§ Instructions to follow
Where the records contain images, omit them, and repeat everything else word for word.
^^^^^^^^^^^^^^^^
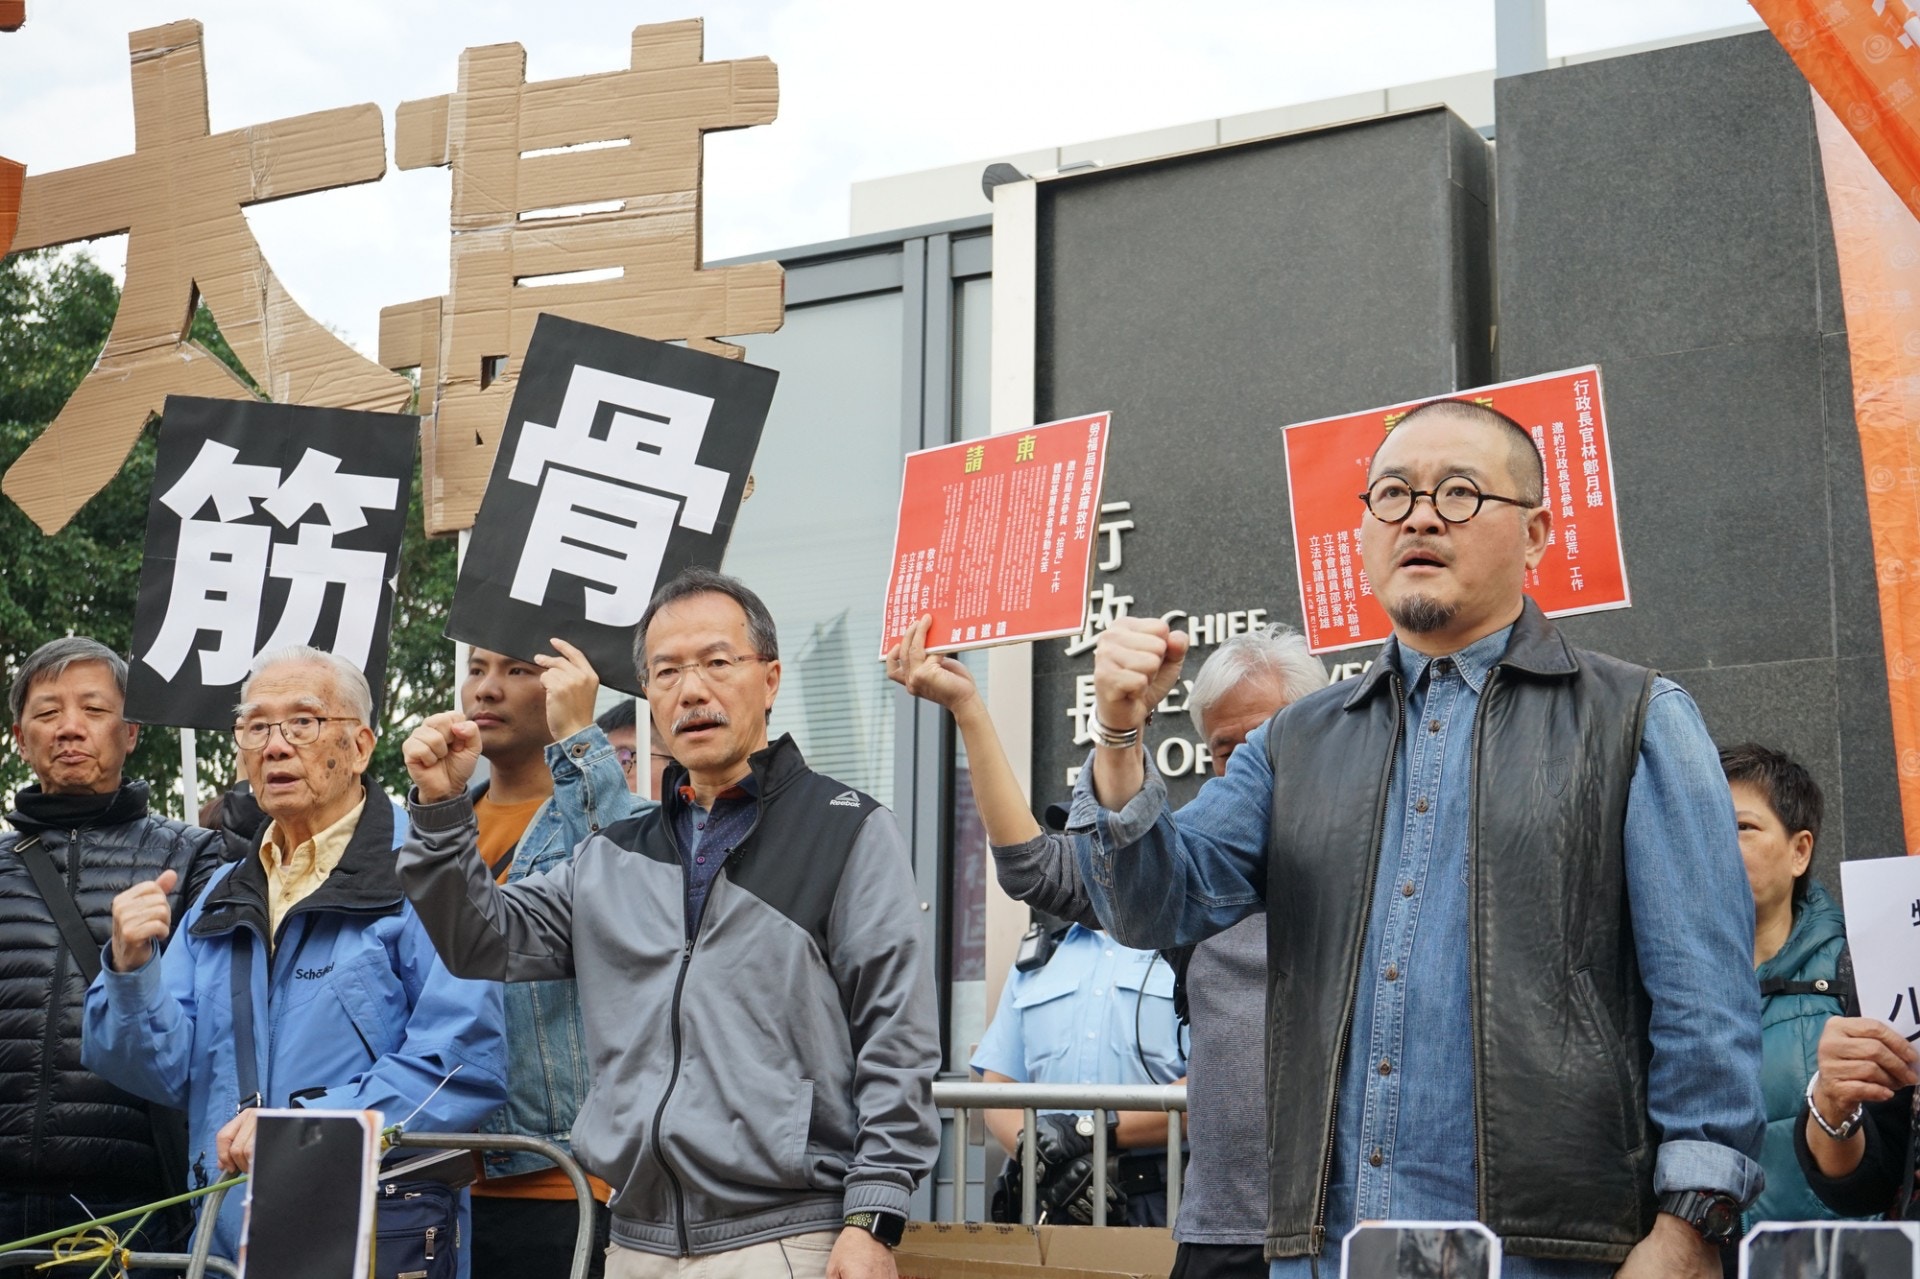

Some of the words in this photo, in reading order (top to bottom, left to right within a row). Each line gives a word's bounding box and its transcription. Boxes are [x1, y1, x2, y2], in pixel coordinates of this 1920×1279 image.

[507, 365, 731, 628] 骨
[1573, 379, 1604, 508] 行政長官林鄭月娥
[142, 439, 400, 685] 筋
[1309, 535, 1331, 629] 立法會議員張超雄
[1337, 531, 1361, 637] 捍衛綜援權利大聯盟
[829, 799, 861, 807] Reebok
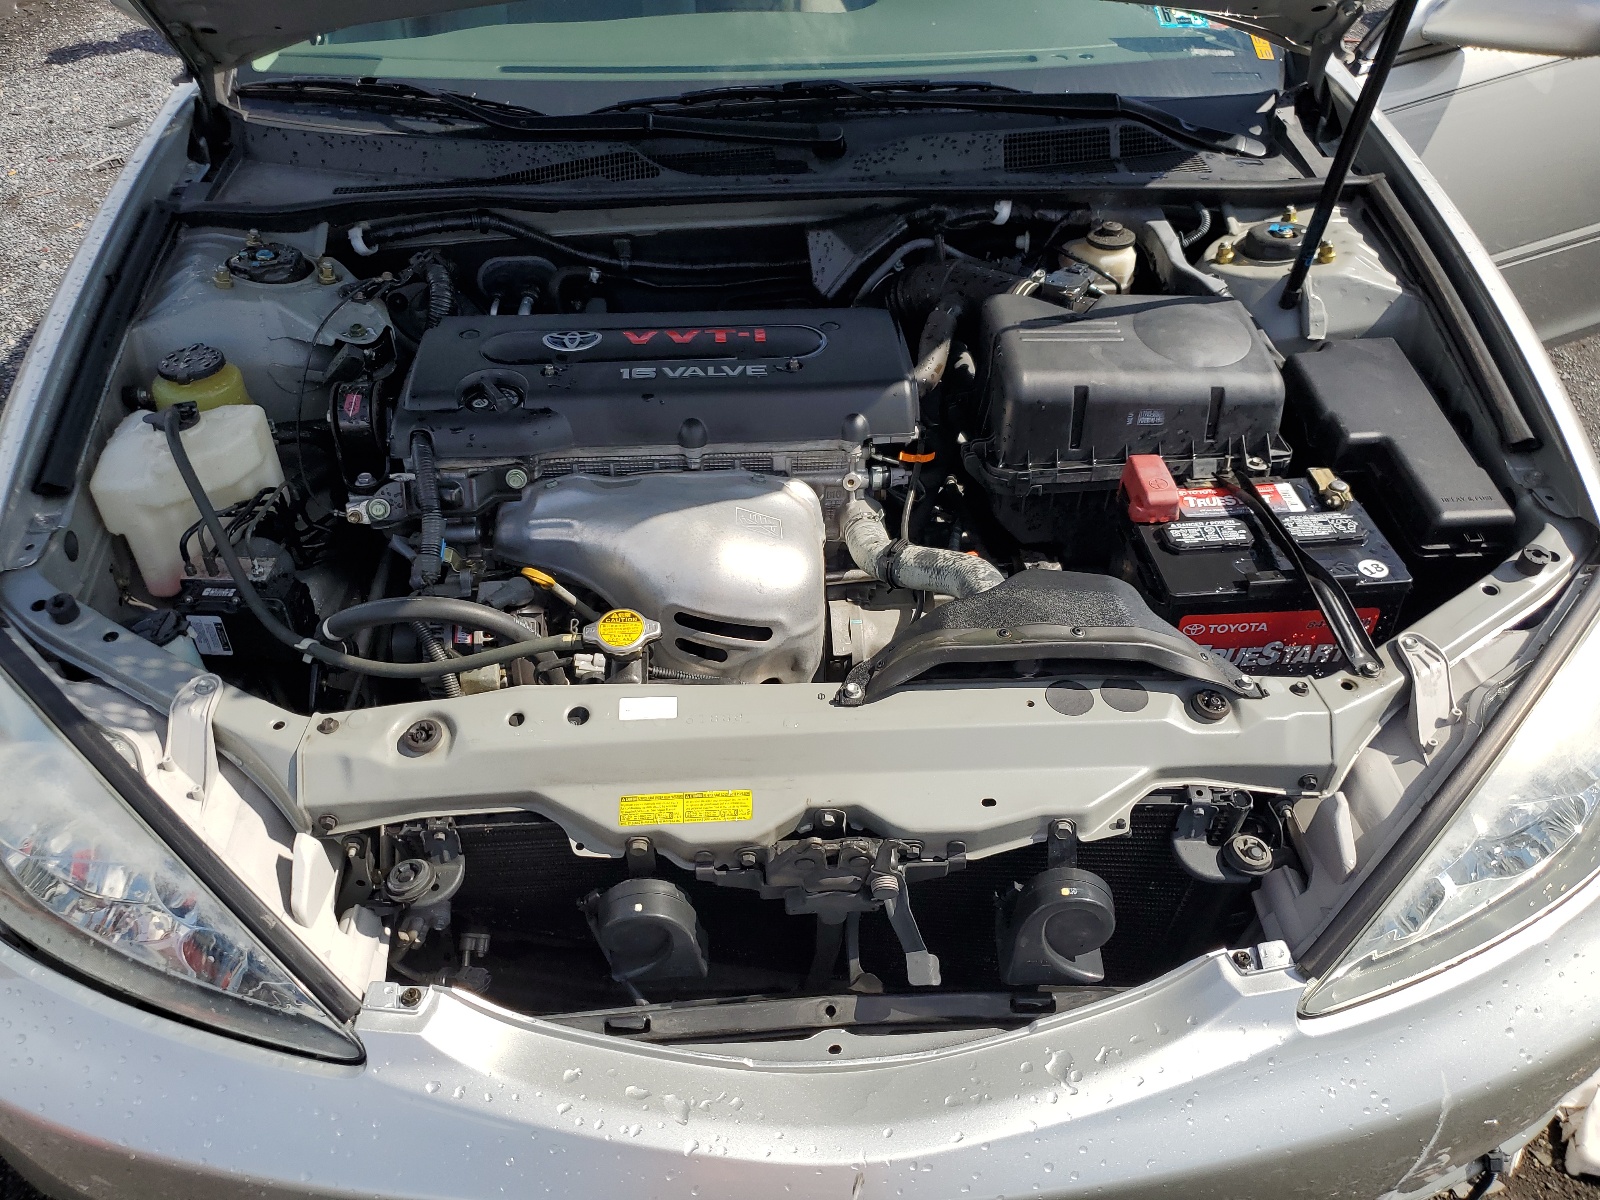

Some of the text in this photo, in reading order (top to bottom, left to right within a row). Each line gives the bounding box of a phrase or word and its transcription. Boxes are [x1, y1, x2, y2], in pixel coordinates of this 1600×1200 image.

[620, 364, 768, 380] 16 VALVE
[1208, 622, 1268, 634] TOYOTA
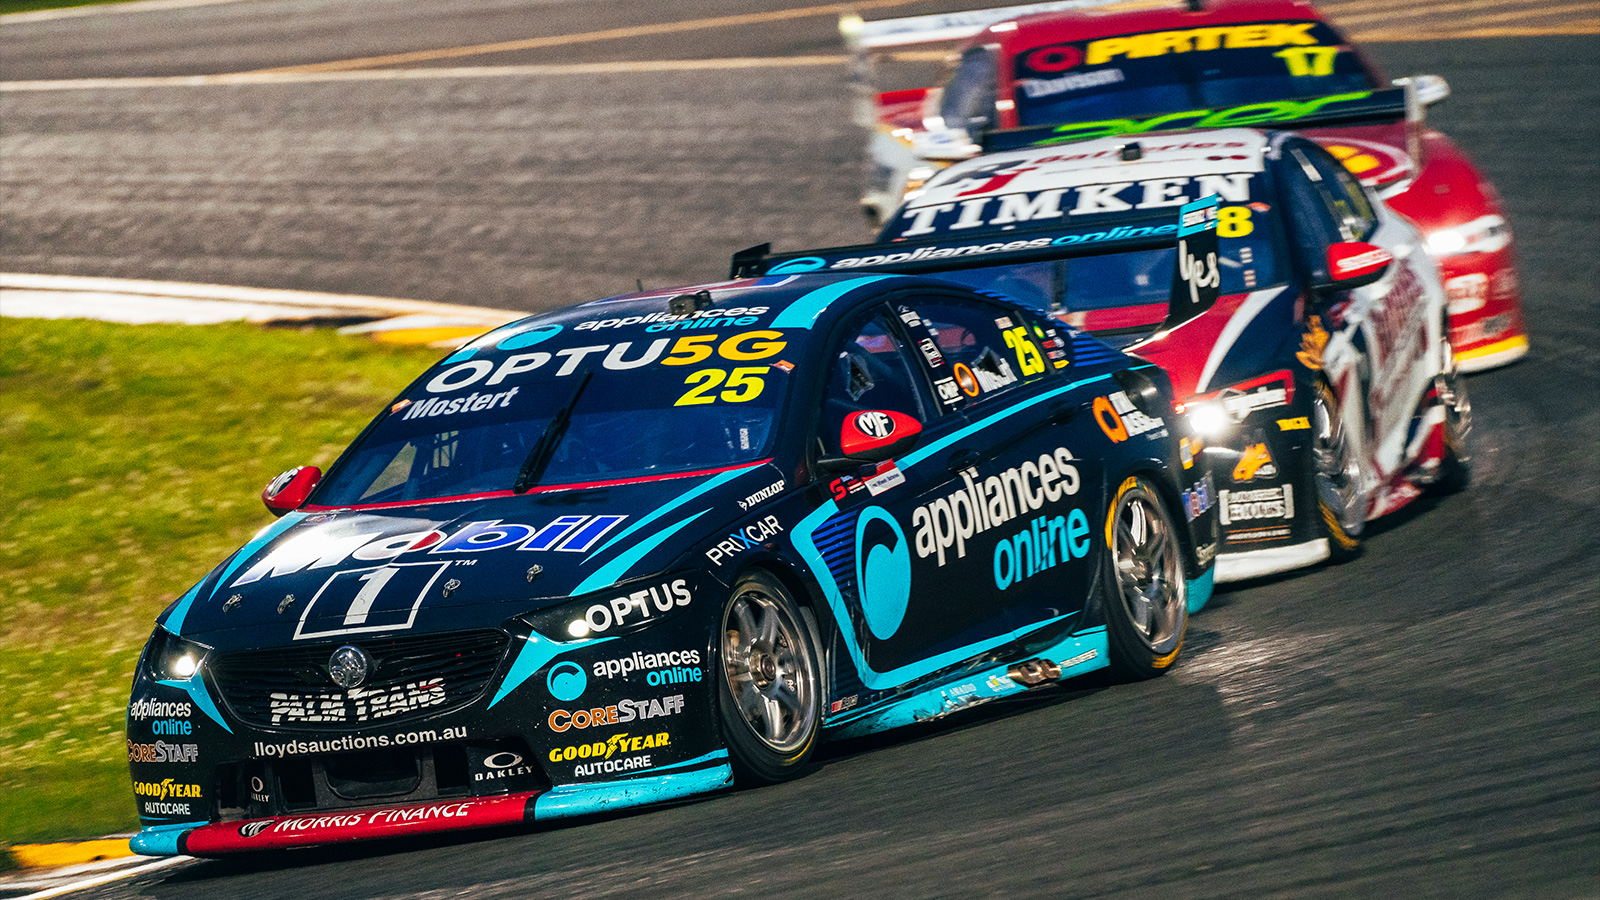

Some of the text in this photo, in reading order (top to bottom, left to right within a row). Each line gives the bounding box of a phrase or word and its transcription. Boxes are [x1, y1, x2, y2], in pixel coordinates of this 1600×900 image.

[1086, 24, 1319, 66] PIRTEK
[1272, 46, 1338, 77] 17
[901, 174, 1254, 237] TIMKEN
[1215, 206, 1254, 238] 8
[831, 224, 1178, 269] appliances online
[574, 306, 770, 331] appliances
[645, 316, 759, 333] online
[1002, 326, 1046, 377] 25
[673, 366, 771, 407] 25
[402, 386, 520, 421] Mostert
[745, 479, 785, 508] DUNLOP
[912, 447, 1081, 567] appliances
[229, 515, 630, 588] Mobil
[705, 514, 784, 566] PRIXCAR
[993, 508, 1091, 591] online
[455, 559, 478, 567] TM
[343, 567, 401, 626] 1
[585, 579, 692, 633] OPTUS
[593, 649, 701, 680] appliances
[647, 666, 702, 687] online
[130, 698, 192, 723] appliances
[152, 717, 193, 736] online
[254, 726, 467, 759] lloydsauctions.com.au
[549, 732, 672, 763] GOODYEAR
[474, 765, 534, 782] OAKLEY
[575, 755, 652, 777] AUTOCARE
[134, 779, 203, 801] GOODYEAR
[145, 801, 191, 815] AUTOCARE
[274, 812, 361, 833] MORRIS
[368, 801, 478, 824] FINANCE
^^^^^^^^^^^^^^^^
§ Response box
Some of the words in this photo, in reading order (top to bottom, left to right within a row). Each line gives a word's bounding box and its transcription. Boxes are [x1, y1, x2, y2], in pixel coordinates of this 1920×1279 image.

[507, 365, 731, 628] 骨
[1573, 379, 1604, 508] 行政長官林鄭月娥
[142, 439, 400, 685] 筋
[1309, 535, 1331, 629] 立法會議員張超雄
[1337, 531, 1361, 637] 捍衛綜援權利大聯盟
[829, 799, 861, 807] Reebok

Some of the text in this photo, in reading order (top to bottom, left to right within a row). Each line gives the bounding box of a phrase or word and its transcription. Boxes are [x1, y1, x2, y2], in pixel coordinates of this 1600×1200 image.

[620, 364, 768, 380] 16 VALVE
[1208, 622, 1268, 634] TOYOTA

Some of the text in this photo, in reading order (top to bottom, left to right within a row). Each line gives the bounding box of a phrase or word and its transcription. Boxes are [x1, y1, x2, y2], in pixel coordinates of this 1600×900 image.

[1086, 24, 1319, 66] PIRTEK
[1272, 46, 1338, 77] 17
[901, 174, 1254, 237] TIMKEN
[1215, 206, 1254, 238] 8
[831, 224, 1178, 269] appliances online
[574, 306, 770, 331] appliances
[645, 316, 759, 333] online
[1002, 326, 1046, 377] 25
[673, 366, 771, 407] 25
[402, 386, 520, 421] Mostert
[745, 479, 785, 508] DUNLOP
[912, 447, 1081, 567] appliances
[229, 515, 630, 588] Mobil
[705, 514, 784, 566] PRIXCAR
[993, 508, 1091, 591] online
[455, 559, 478, 567] TM
[343, 567, 401, 626] 1
[585, 579, 692, 633] OPTUS
[593, 649, 701, 680] appliances
[647, 666, 702, 687] online
[130, 698, 192, 723] appliances
[152, 717, 193, 736] online
[254, 726, 467, 759] lloydsauctions.com.au
[549, 732, 672, 763] GOODYEAR
[474, 765, 534, 782] OAKLEY
[575, 755, 652, 777] AUTOCARE
[134, 779, 203, 801] GOODYEAR
[145, 801, 191, 815] AUTOCARE
[274, 812, 361, 833] MORRIS
[368, 801, 478, 824] FINANCE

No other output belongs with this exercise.